Auch wenn wir wissen, dass Ressourcen begrenzt sind, glauben wir, dass Bildung eine der wichtigsten Investitionen in die Zukunft unseres Landes ist. Daher sollte nicht die Frage im Mittelpunkt stehen, was gerade nicht geht, sondern wie wir – mit Kreativität, Mut und Entschlossenheit – neue Wege ermöglichen.
Wir sehen Potenzial in der Stärkung der Lehrerbildung, der klugen Nutzung digitaler Lernformate, der systematischen Etablierung von Selbstlernstunden und der nachhaltigen Verbesserung der Rahmenbedingungen vor Ort. Der LandesElternRat Sachsen hat hierzu bereits umfangreiche Vorschläge unterbreitet.

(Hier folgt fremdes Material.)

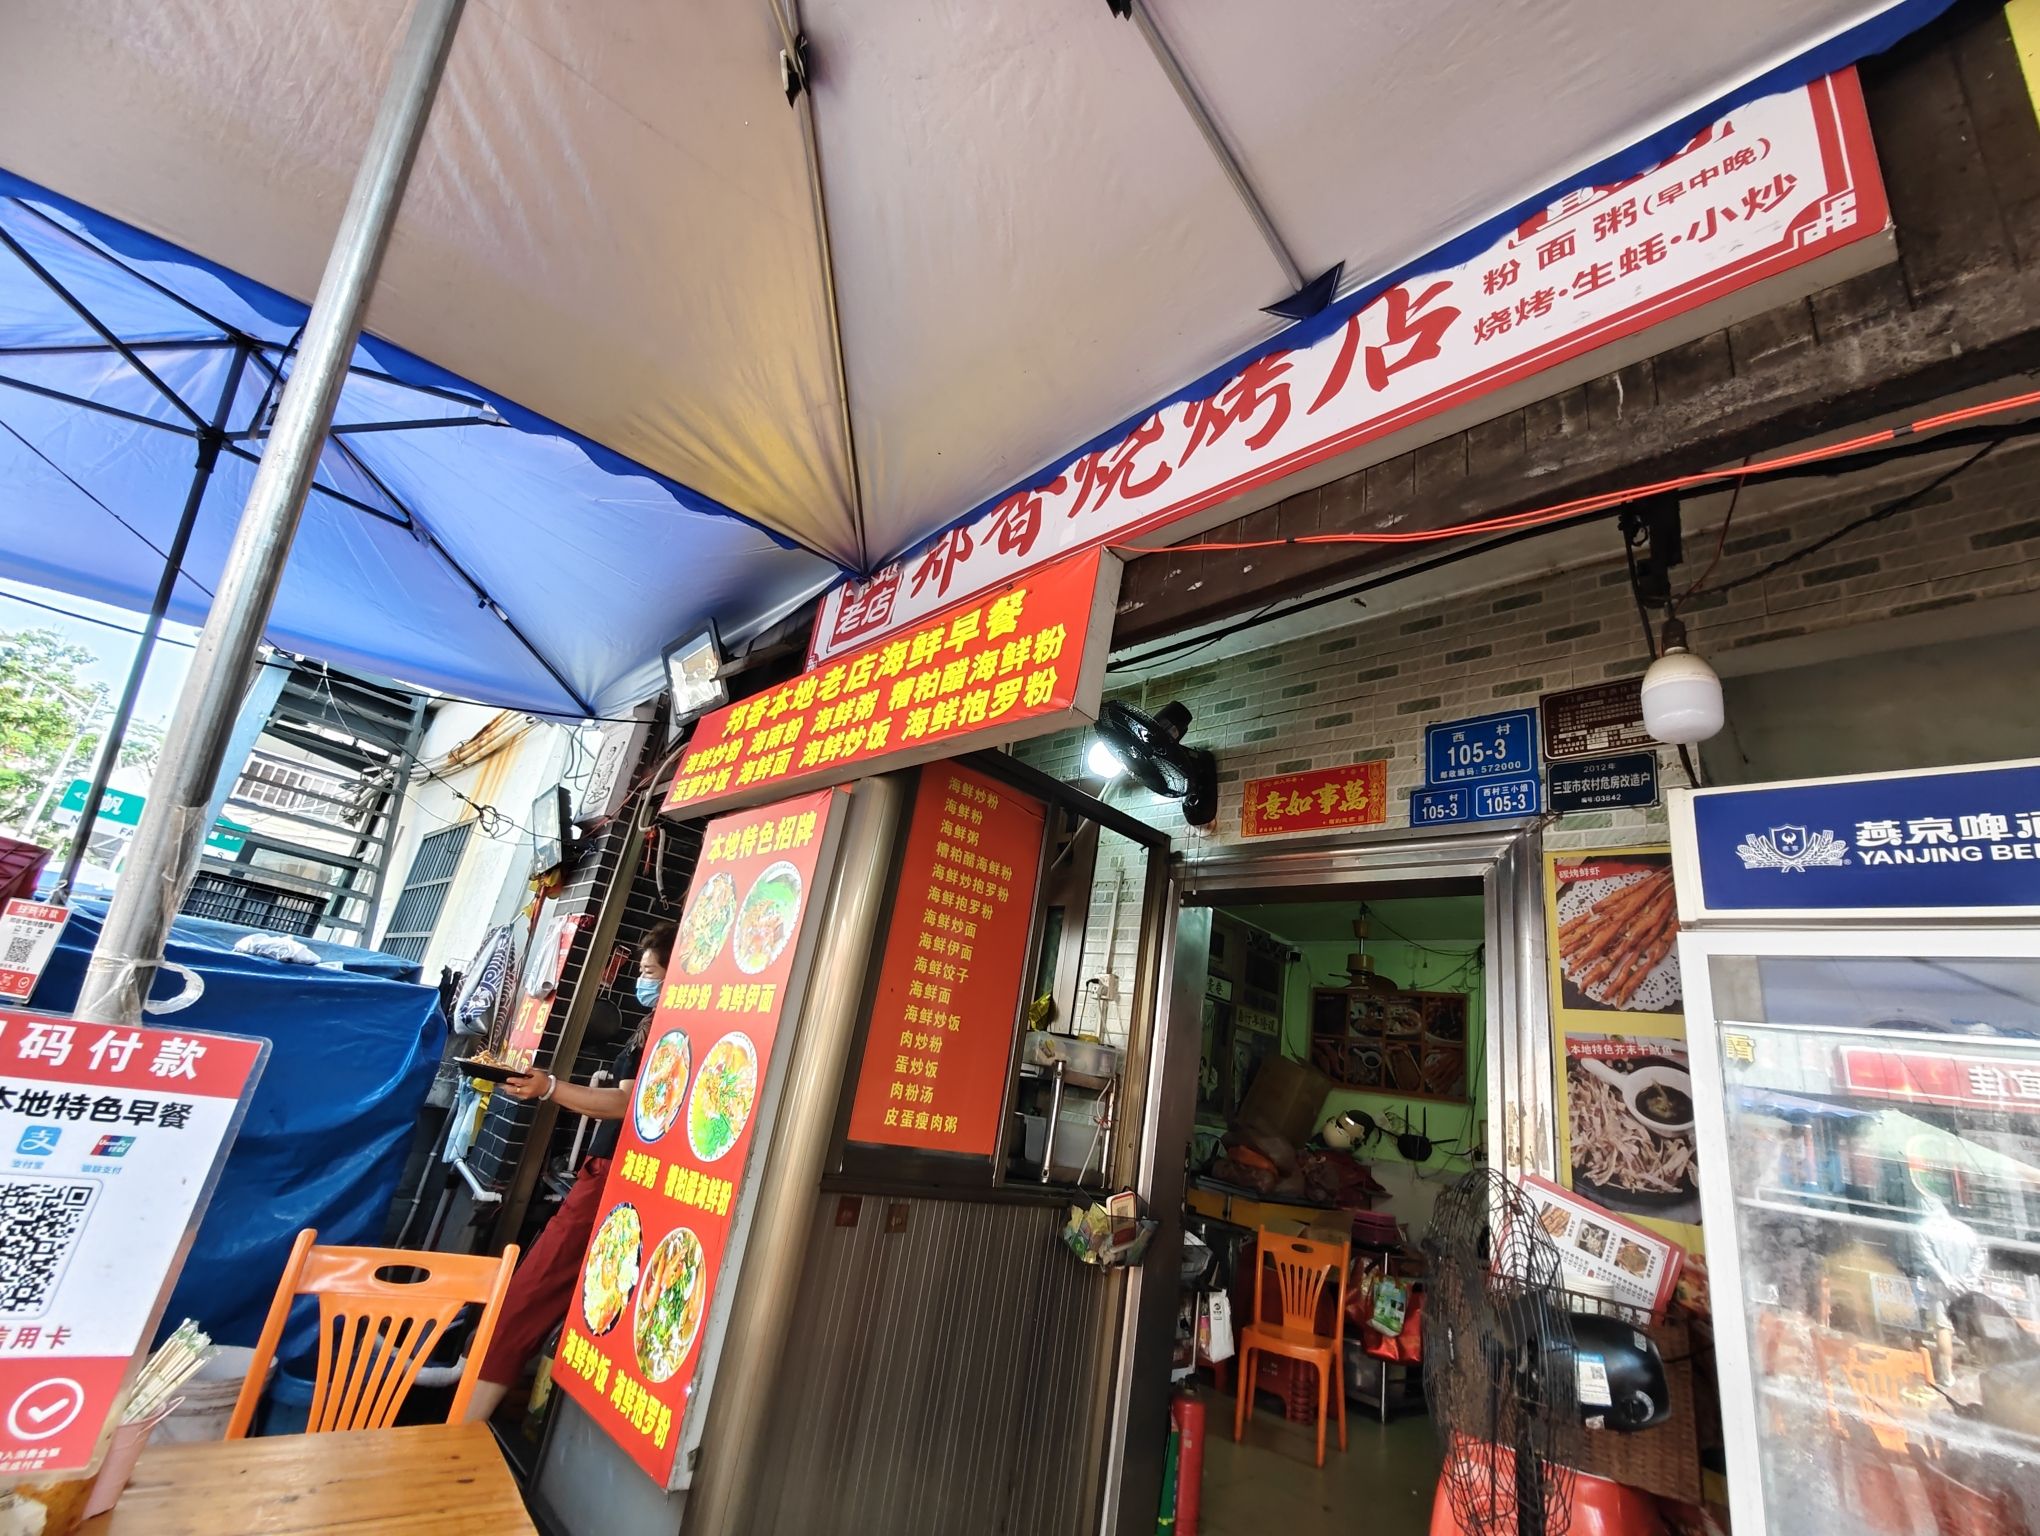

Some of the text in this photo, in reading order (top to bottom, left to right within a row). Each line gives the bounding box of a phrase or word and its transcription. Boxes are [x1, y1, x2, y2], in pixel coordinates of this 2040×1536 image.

Abschließend möchten wir appellieren: Machen Sie Bildungspolitik nicht rückwärtsgewandt, sondern ausgerichtet auf die Zukunft – mit Mut, mit Blick auf das große Ganze und mit echter Beteiligung. Unsere Kinder verdienen Schulen, die sie stärken, nicht schwächen.
Bildung ist keine Frage des Wohnorts oder des Geldbeutels – sondern eine zentrale Gerechtigkeits- und Zukunftsfrage.
Sie, Herr Clemens, tragen zusammen mit der Regierungskoalition die Verantwortung dafür, Sachsen zu einem Land zu machen, in dem Bildung wieder als Stärke wahrgenommen wird. Wir stehen bereit, diesen Weg mitzugehen – konstruktiv, kritisch und engagiert.